FORTUNE — Wall Street obsessively monitors Capitol Hill, and with good reason: the slightest tweak in a bill’s language can boost–or bludgeon–corporate profits. But investors often struggle to predict how government actions will impact stocks. Take, for example, the Affordable Care Act. Market sentiment towards the bill oscillated wildly in the months leading up to its passage. Some investors are still confused about whether the law will benefit drug makers, medical device companies, and insurers.
Most bills are complicated, and it isn’t always easy to anticipate whether they will help or hurt stocks. But a new study from the National Bureau of Economic Research by Lauren Cohen, Karl Diether, and Christopher Malloy offers a simple solution. The researchers posit that investors can forecast the effect that legislation will have on a sector by looking at the Congressmen who are voting for it. If the bill has garnered support from senators who hail from states where the relevant industries have a strong presence, then you should buy those industries after it passes. If the same senators oppose the bill, short the sector.
The researchers analyzed votes cast by senators on approximately 6,000 bills between 1989 and 2008. They singled out the industries that were mentioned in each bill, and then classified senators as “interested” if those industries were concentrated in their home states. If the ratio of “interested” senators voting in favor of the bill was greater than the ratio of “uninterested” senators, they bought the sector and held it for a month. If the ratio of “interested” senators voting against the bill was high and it passed, they shorted the sector.
Their strategy worked. The basic long-short portfolio they created generated risk-adjusted returns of 11% a year over the course of two decades. The S&P 500 returned about 8.3% a year in that time.
The researchers found that, if they honed in on the voters in the Senate with the greatest industry representation in their states, the outperformance was even more dramatic. When they tracked senators who voted on behalf of their home states’ biggest–and most economically important–industries, they achieved risk-adjusted returns of 12.6% a year. If they focused only on legislators who represented industries that were the most impacted by legislation, their annualized returns rose to 15.6% a year.
The authors’ decision to look at senators seems circuitous at first; why not just examine the bills themselves to see which sectors benefit? But when the researchers focused on the text of the bills, their results were less impressive. If they bought sectors that were mentioned in bills that were passed, the portfolios they built performed on par with the index. When they invested in sectors that received positive mentions in bills, they achieved similarly average results.

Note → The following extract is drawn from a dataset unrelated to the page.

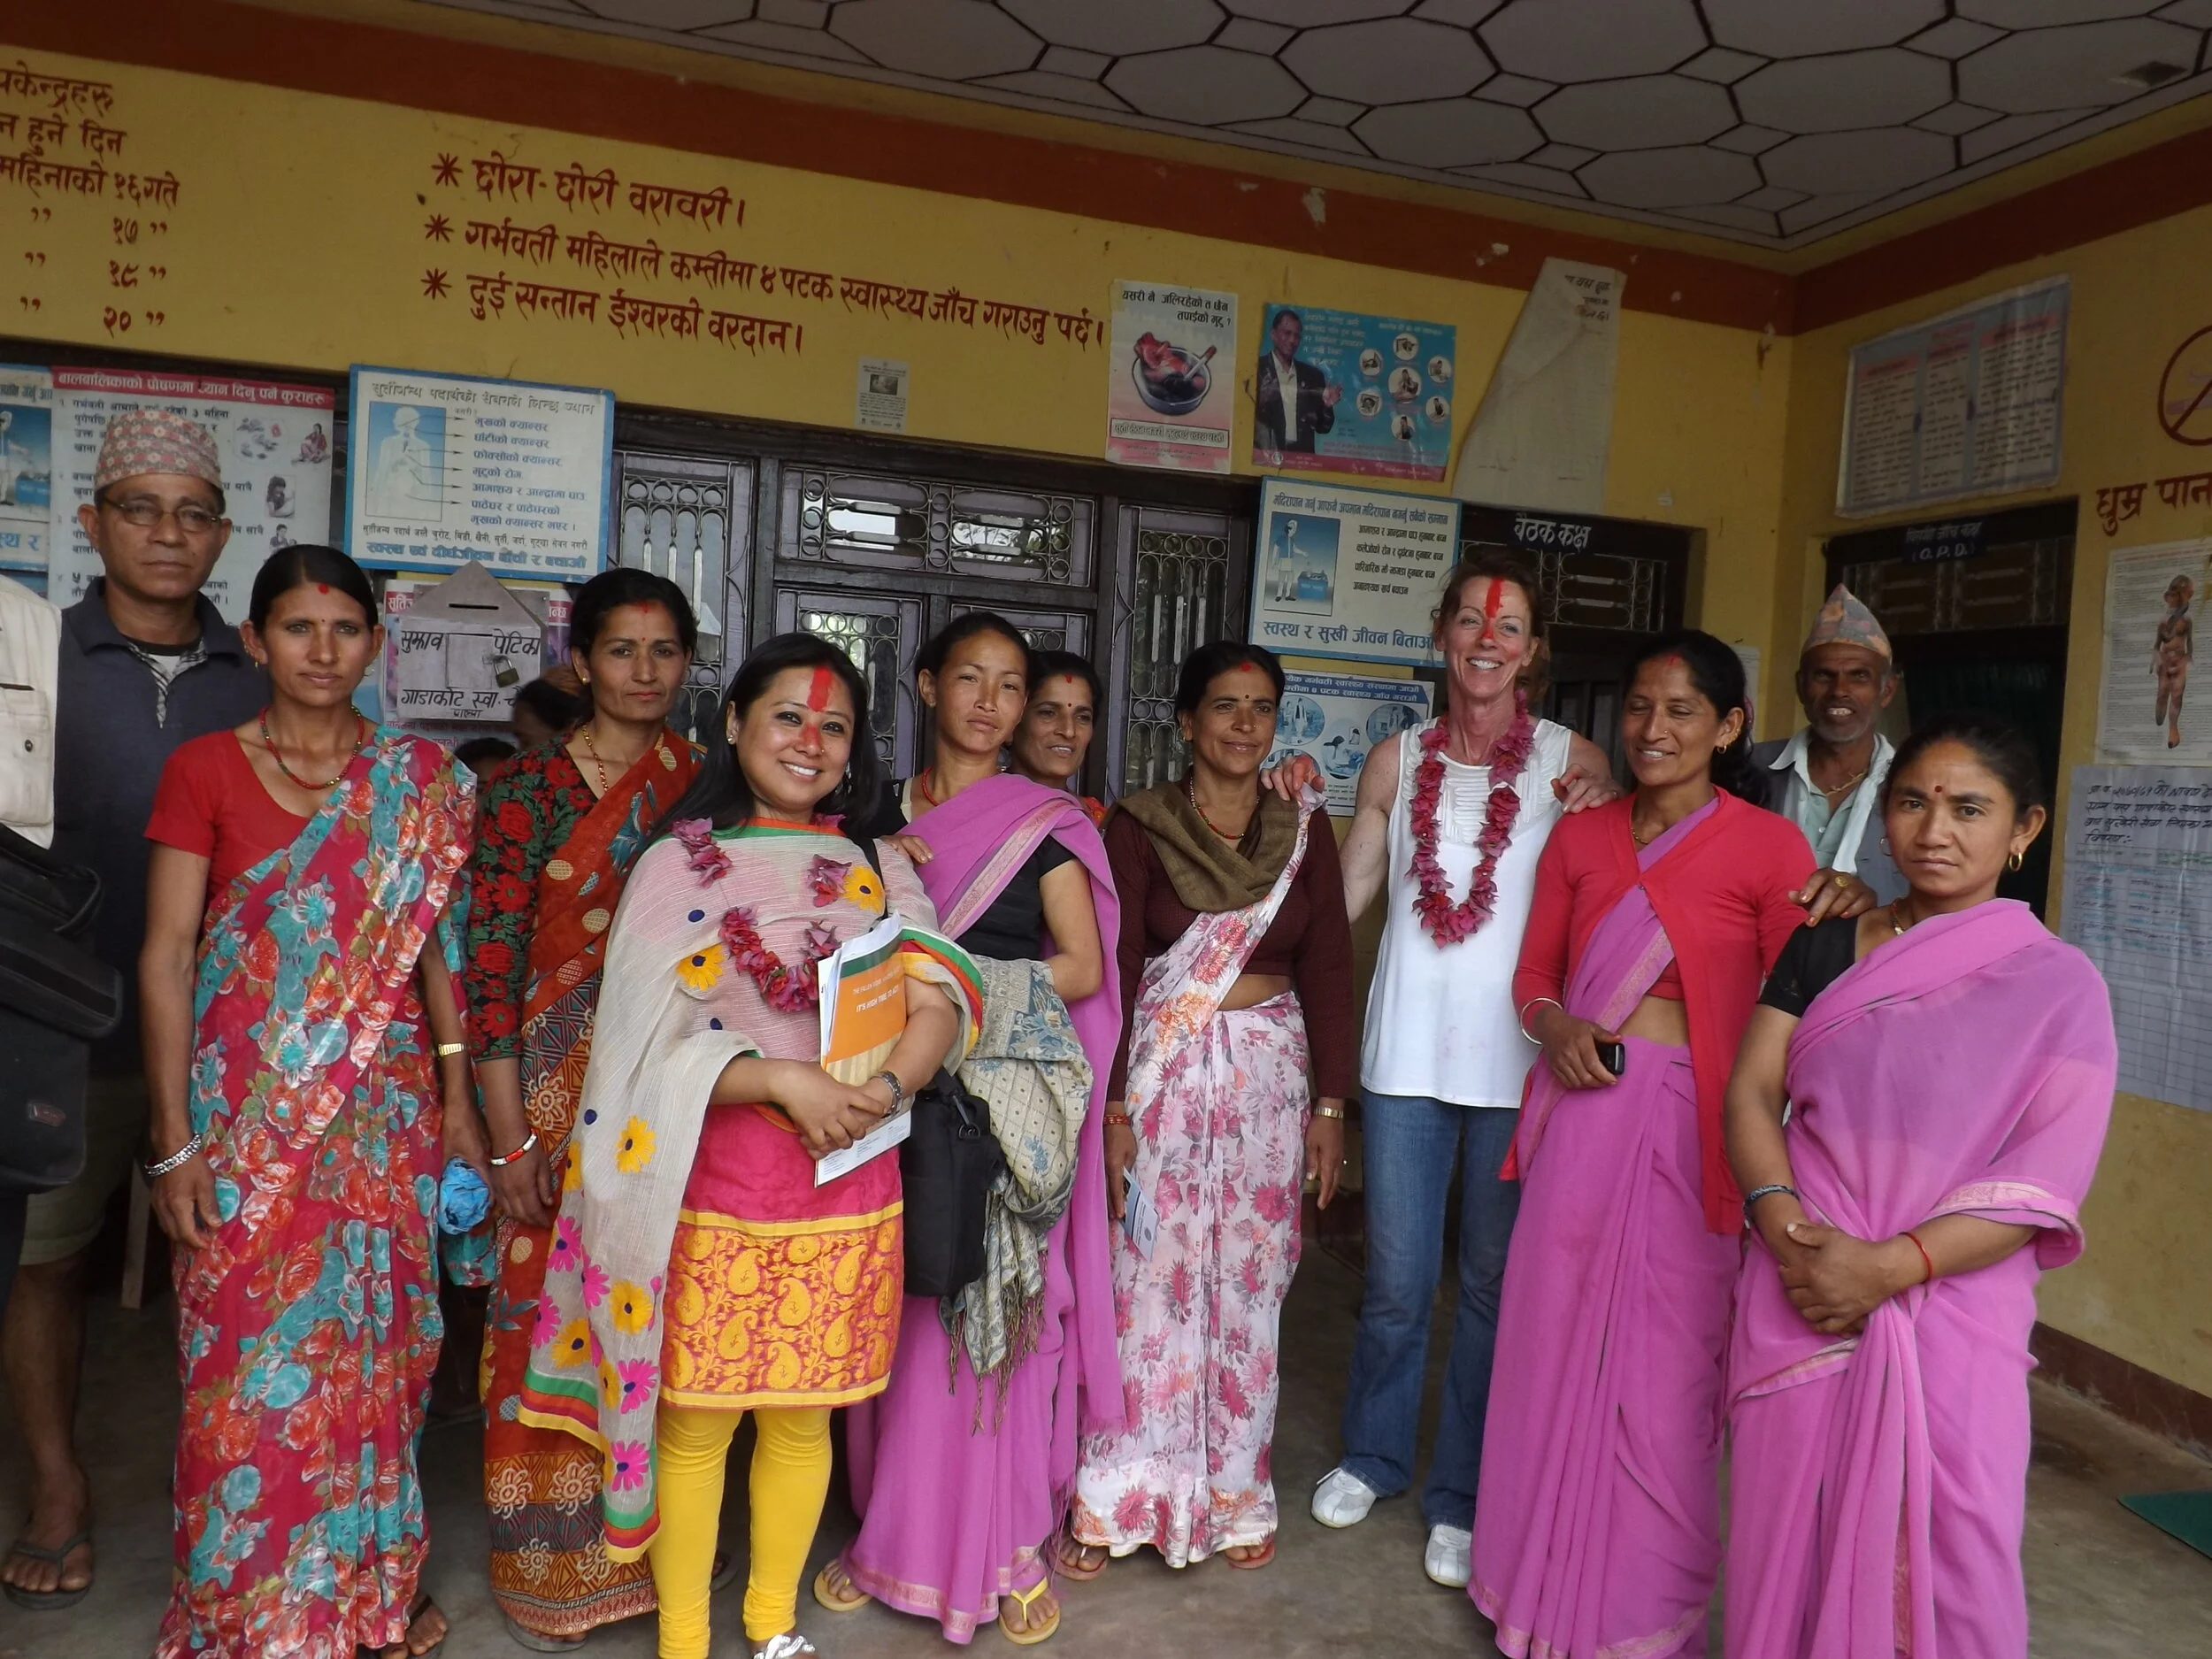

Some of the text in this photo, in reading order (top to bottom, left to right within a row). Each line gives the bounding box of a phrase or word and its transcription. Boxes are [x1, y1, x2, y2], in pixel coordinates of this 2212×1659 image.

As it turns out, the votes of senators with vested interests are much better indicators of future stock returns. “Just looking at the behavior of these people who are interested is incredibly powerful,” says Lauren Cohen, one of the paper’s co-authors.
It isn’t surprising that senators push for bills that benefit the industries that dominate their home states. But the strength of the correlation between their votes and stock returns suggests that elected officials not only have strong incentives to support certain pieces of legislation, but also strong insights into corporate activity. The fact that they successfully advocated for bills that supported their respective industries in the market suggests that they based their votes on prescient information, no doubt gleaned from the industries they represent.
And they’re getting better at it. According to the study, the magnitude of the “interested senator” effect has increased by as much as 20% in recent years. In other words, senators are increasingly adept at picking bills that support their vested interests–and investors would be wise to track their votes.